Tom Tromey tromey@redhat.com
Thu Apr 8 04:29:00 GMT 2004


>>>>> "Anthony" == Anthony Green <green@redhat.com> writes:

Anthony> Calling ComputePrime forces the creation of Linker, which loads the
Anthony> prim.dylib shared library and looks for the C function ComputePrime. 
Anthony> So, there are a couple of tricks here (demangling, marshalling
Anthony> arguments), but nothing too bad.  This combined with static imports
Anthony> would make a nice dynamic interface to C from Java.

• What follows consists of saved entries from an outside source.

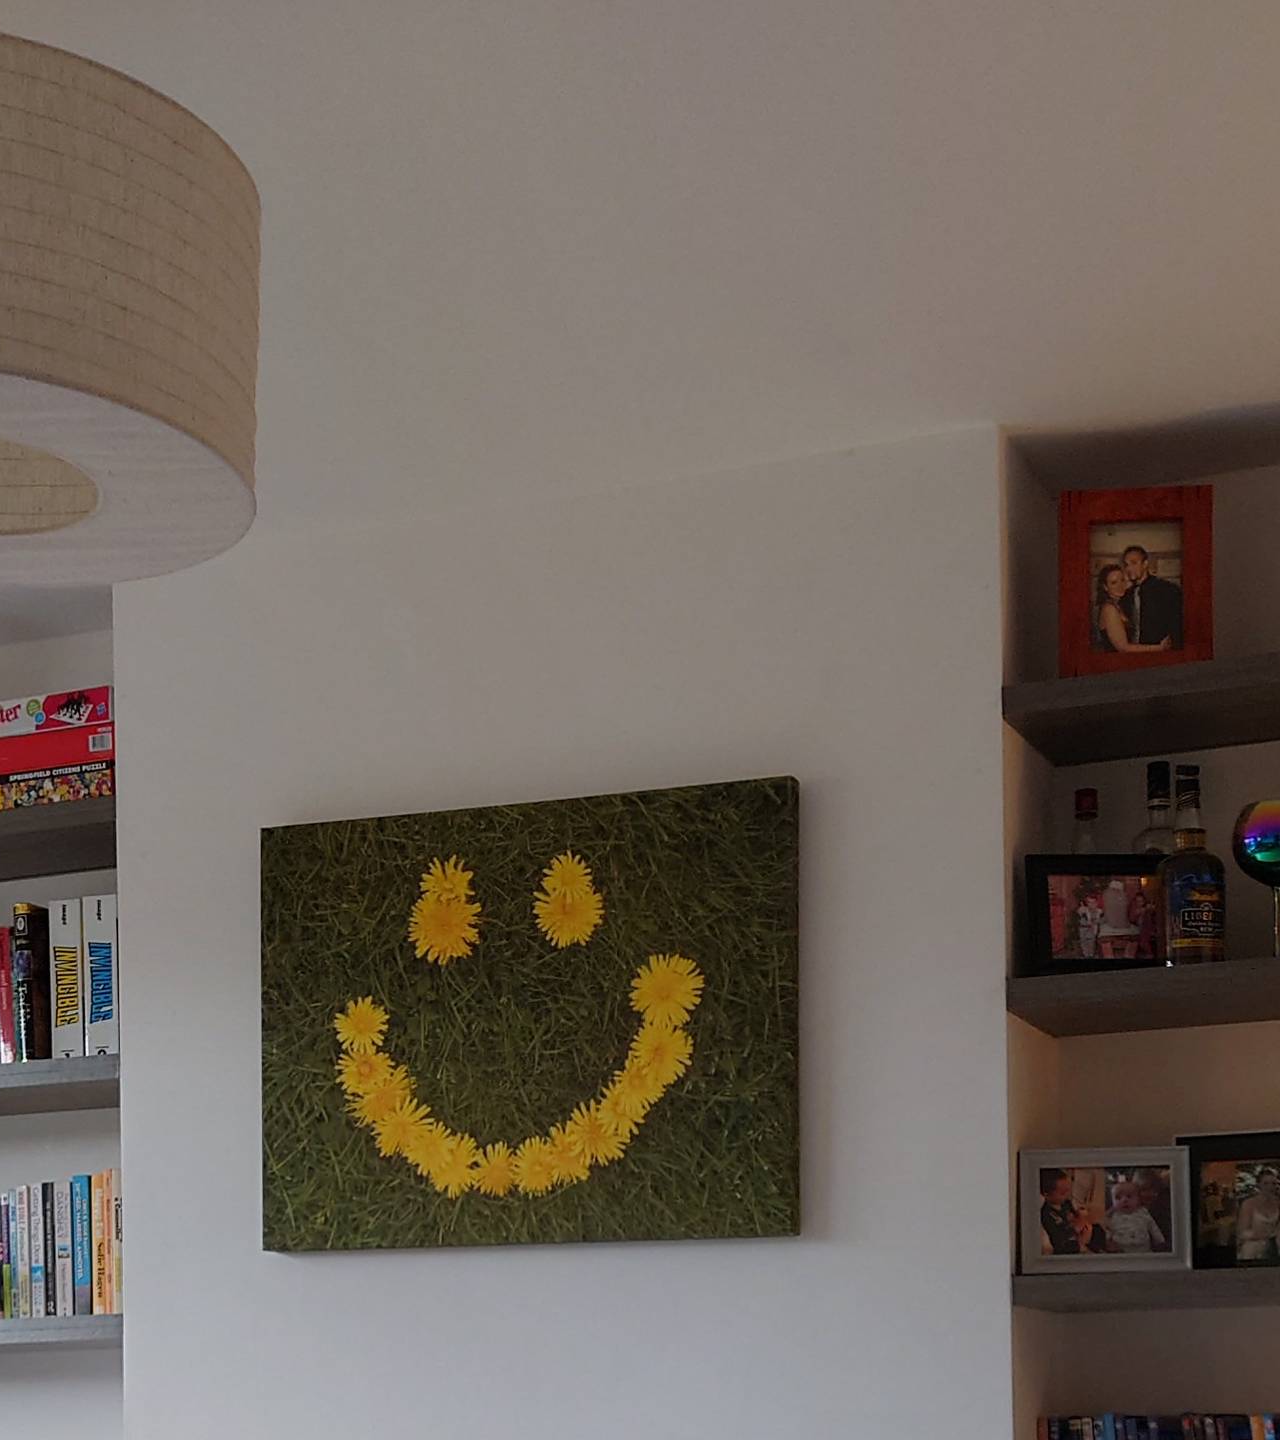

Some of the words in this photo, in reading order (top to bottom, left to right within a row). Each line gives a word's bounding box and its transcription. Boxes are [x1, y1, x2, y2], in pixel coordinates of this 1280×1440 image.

[9, 769, 51, 782] SPRINGFIELD
[52, 765, 81, 777] CITIZENS
[82, 762, 107, 772] PUZZLE
[54, 946, 80, 1028] INVINCIBLE
[89, 942, 113, 1024] INVINCIBLE
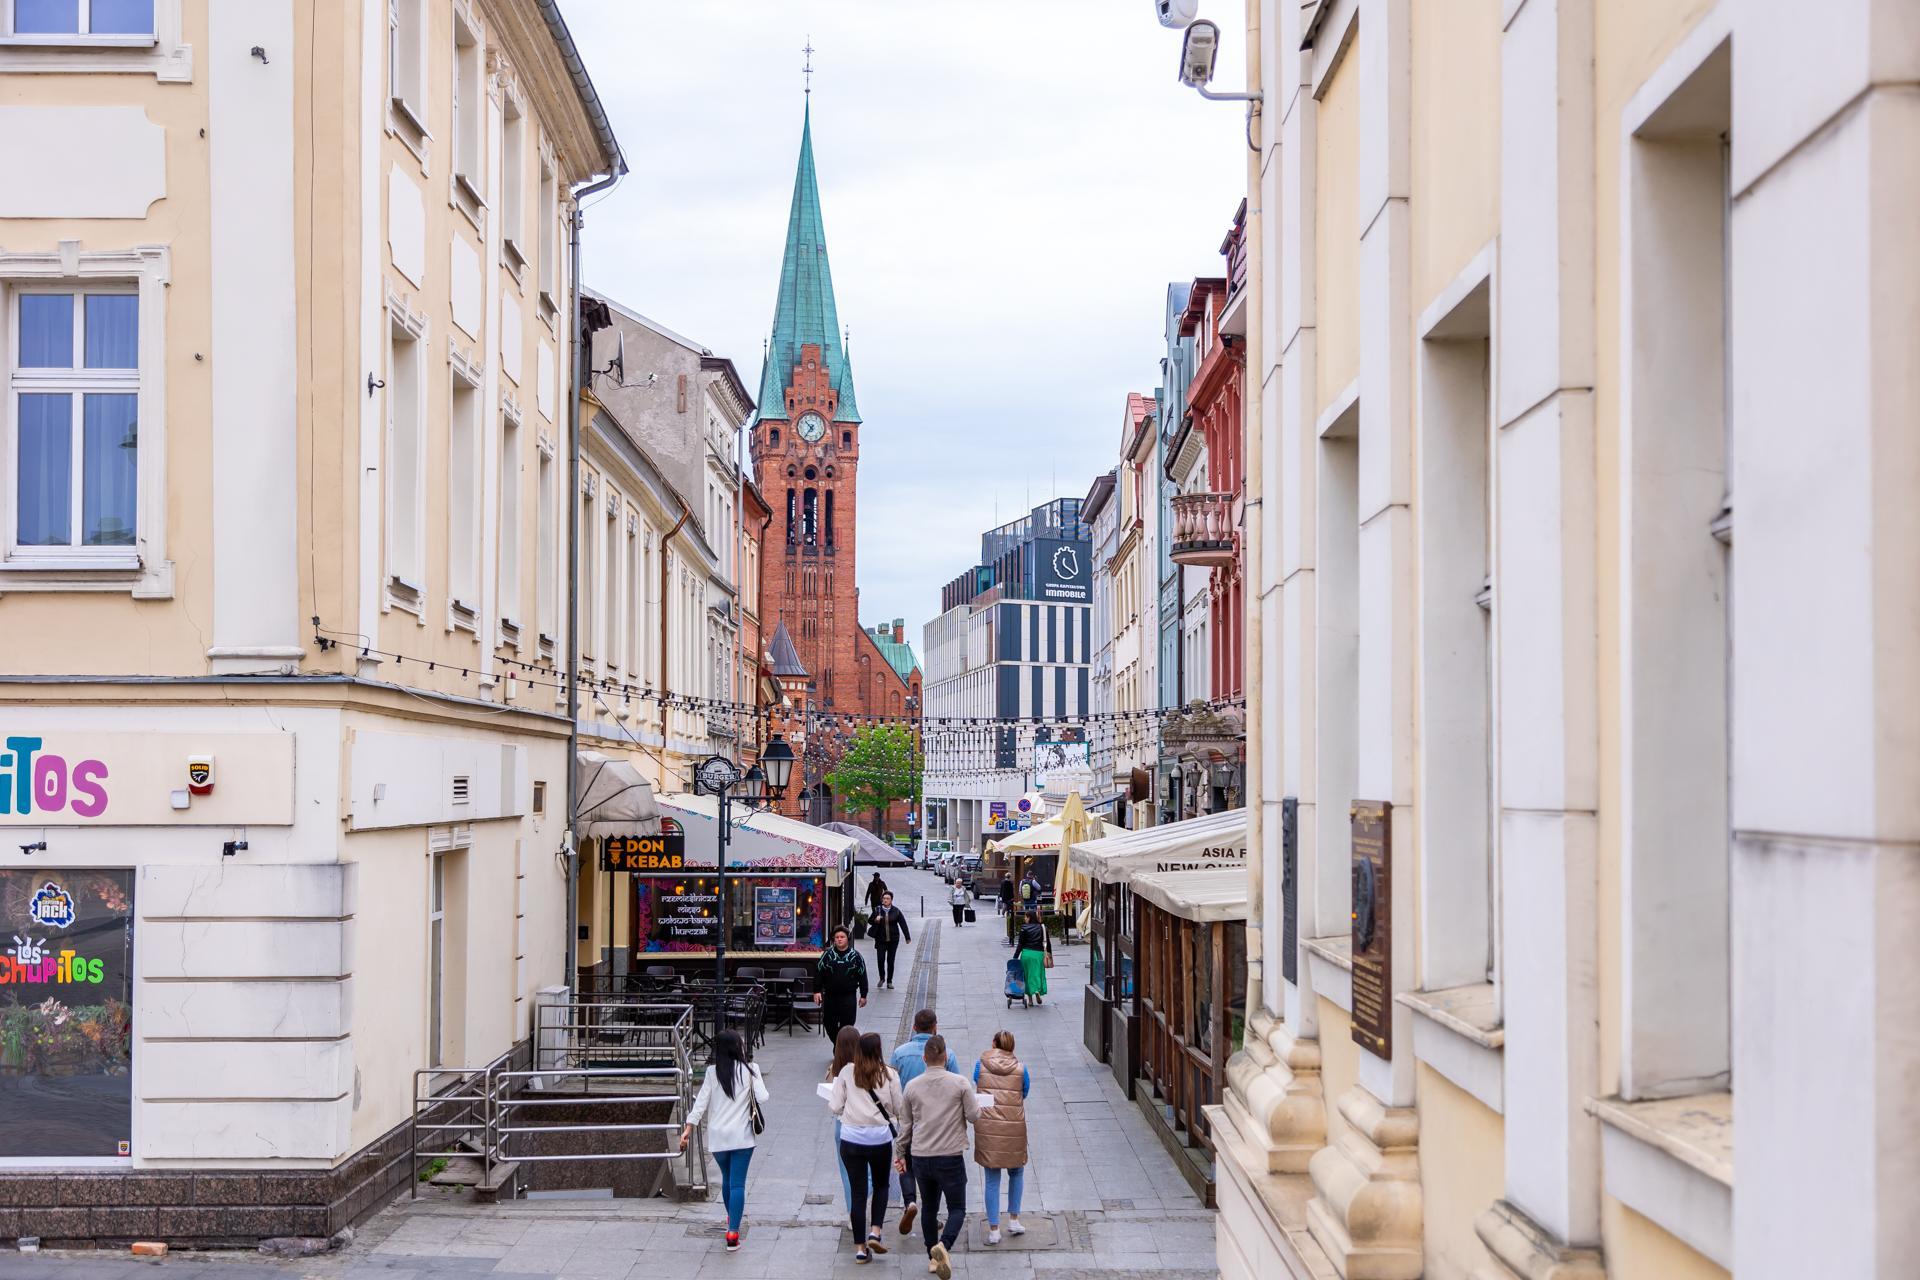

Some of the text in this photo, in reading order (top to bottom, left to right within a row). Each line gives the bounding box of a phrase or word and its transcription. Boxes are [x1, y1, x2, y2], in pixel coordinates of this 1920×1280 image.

[702, 772, 736, 780] BURGER
[626, 839, 665, 853] DON
[1201, 847, 1235, 858] ASIA
[626, 855, 682, 868] KEBAB
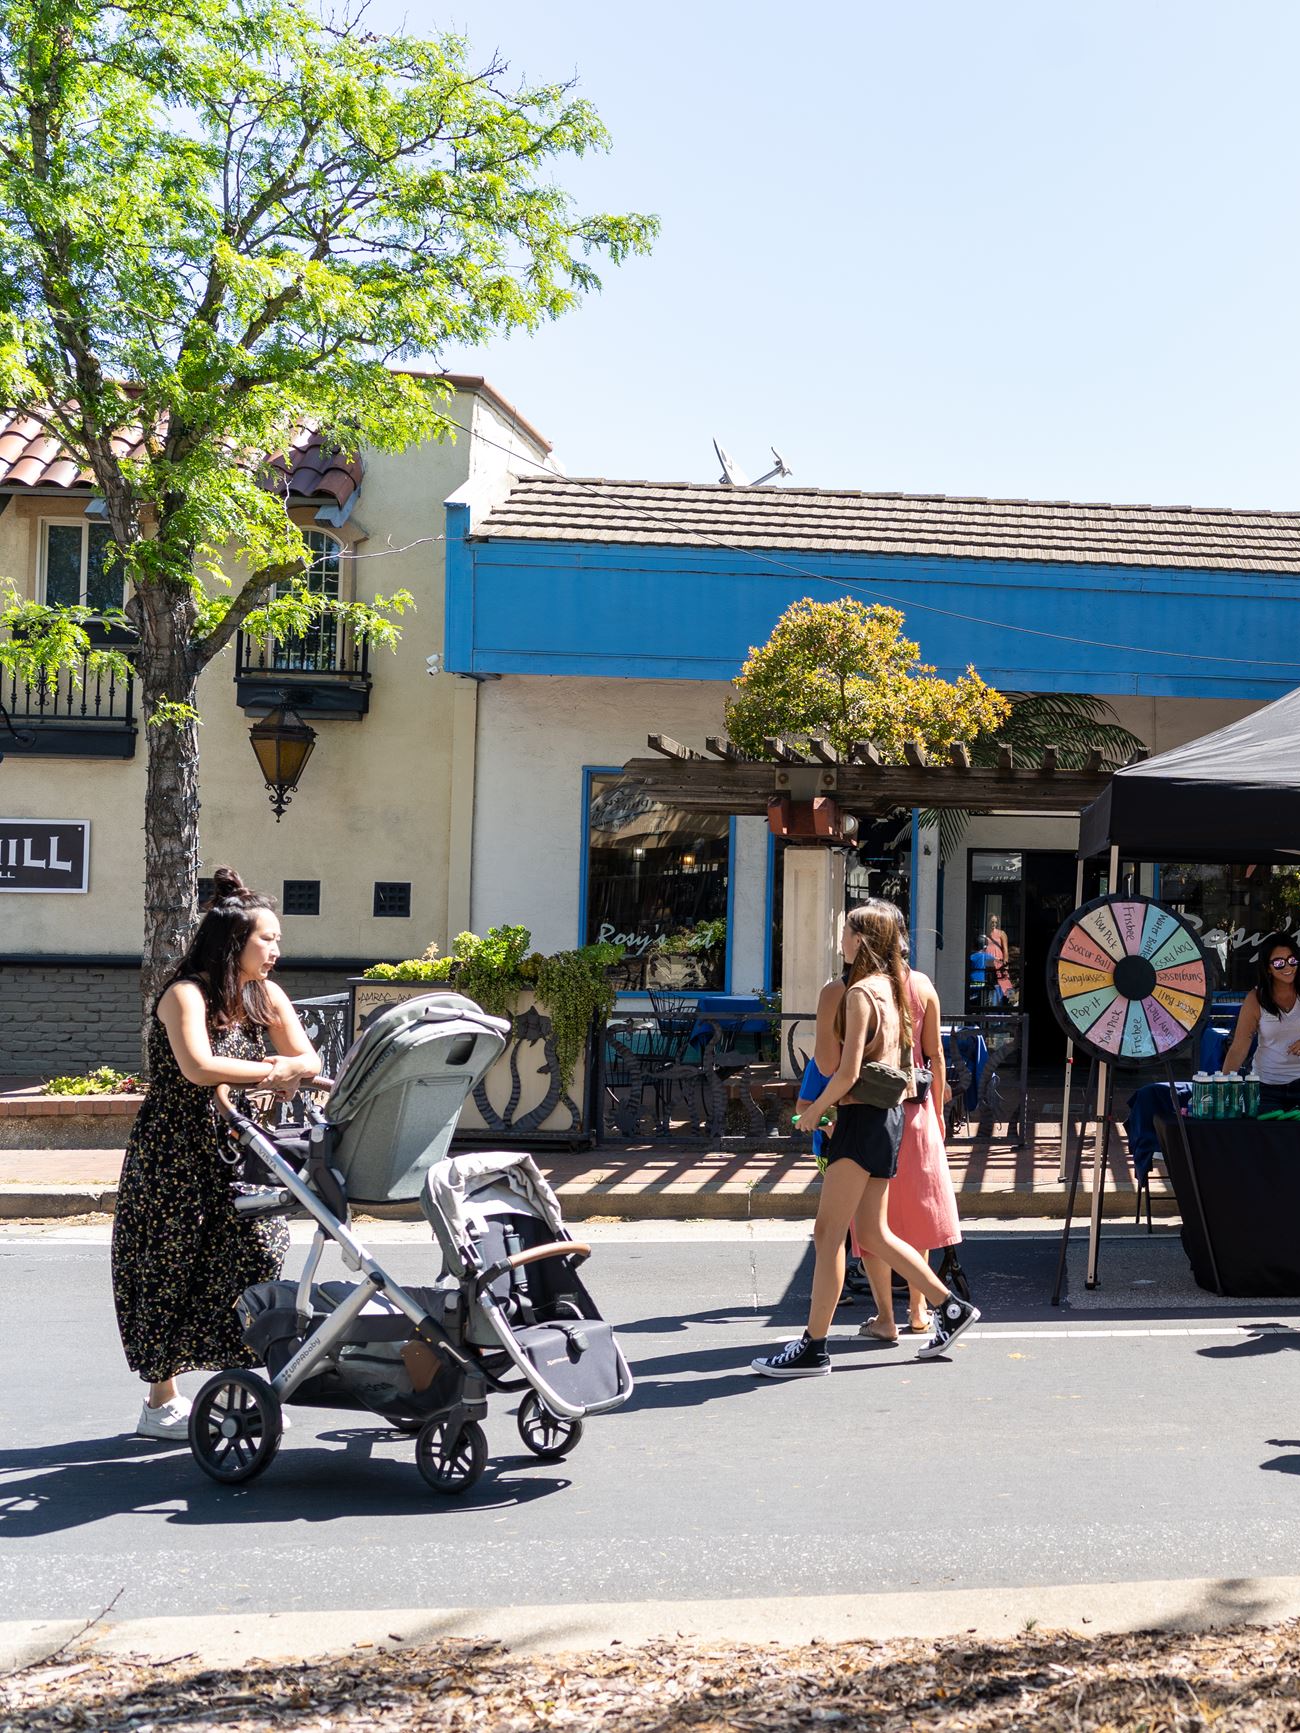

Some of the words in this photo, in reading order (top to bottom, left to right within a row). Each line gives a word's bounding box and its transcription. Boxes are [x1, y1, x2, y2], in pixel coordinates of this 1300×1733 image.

[0, 836, 72, 872] ILL
[1094, 912, 1107, 932] You
[1103, 930, 1118, 950] Pick
[1123, 906, 1136, 942] Frisbee
[1151, 914, 1169, 937] Water
[597, 922, 667, 955] Rosy's
[687, 929, 715, 949] at
[1140, 936, 1157, 959] Bottle
[1173, 940, 1194, 956] Day
[1094, 954, 1112, 970] Ball
[1155, 952, 1177, 968] Pass
[1061, 972, 1106, 986] Sunglasses
[1157, 968, 1203, 983] Sunglasses
[1158, 990, 1175, 1006] Ball
[1146, 1001, 1162, 1023] Pack
[1176, 1000, 1199, 1020] Soccer
[1098, 1028, 1115, 1044] You
[1107, 1010, 1123, 1028] Pick
[1131, 1017, 1142, 1055] Frisbee
[258, 1148, 278, 1170] VISTA

By "static imports" do you mean the new 1.5 feature of that name?
Yeah, that would work nicely.

We could do a little better than the example by not requiring magic
static fields and eliminating a minor non-portable construct:

    import gnu.gdirect.GDirect;
    public class Prime {
      static {
        // The "prime" is transformed via System.mapLibraryName.
        GDirect.link (Prime.class, "prime");
      }

      public static final long ComputePrime (short n);
    }

I believe this could be implemented in a way that is completely
portable across VMs.  All you need to do is use reflection to
determine what methods need to be implemented in the class, generate
closures on the fly with libffi, then register them with the JNI
RegisterNatives call.

One refinement of this idea is that for gcj your marshalling code
could use CNI instead of JNI to convert complex types.  We could also
add a way to tell libgcj not to use the more expensive JNI calling
convention when calling the closures.

Another refinement is to omit the closures and marshalling completely
if the Java method and the C function happen to have identical types
-- just register the C function directly with the runtime (this only
works in the gcj-with-special-tweaks case, since JNI always adds extra
arguments).  This won't happen if, e.g., there are structures
involved, but it will happen in plenty of simple cases.  Perhaps the
dumb ones used in benchmarks :-)

Things get trickier if you want to wrap a C++ API, because then you
need to understand name mangling, which is hard and non-portable.
(You can always expose the mangled names, but that has other obvious
problems.)

One subtlety avoided above is that the lifetime of the closures must
be tied to the lifetime of the class.  This is easy enough, though;
just have a PhantomReference for the class, and clean up when it is
collected.

There are also some questions about type conversions and
representation.  What does a pointer look like in Java?  (Try to
follow this classpath discussion on this :-) How about auto-converting
between char* and String?  Those are more or less easily solved
though, or perhaps tweakable via options to GDirect.link().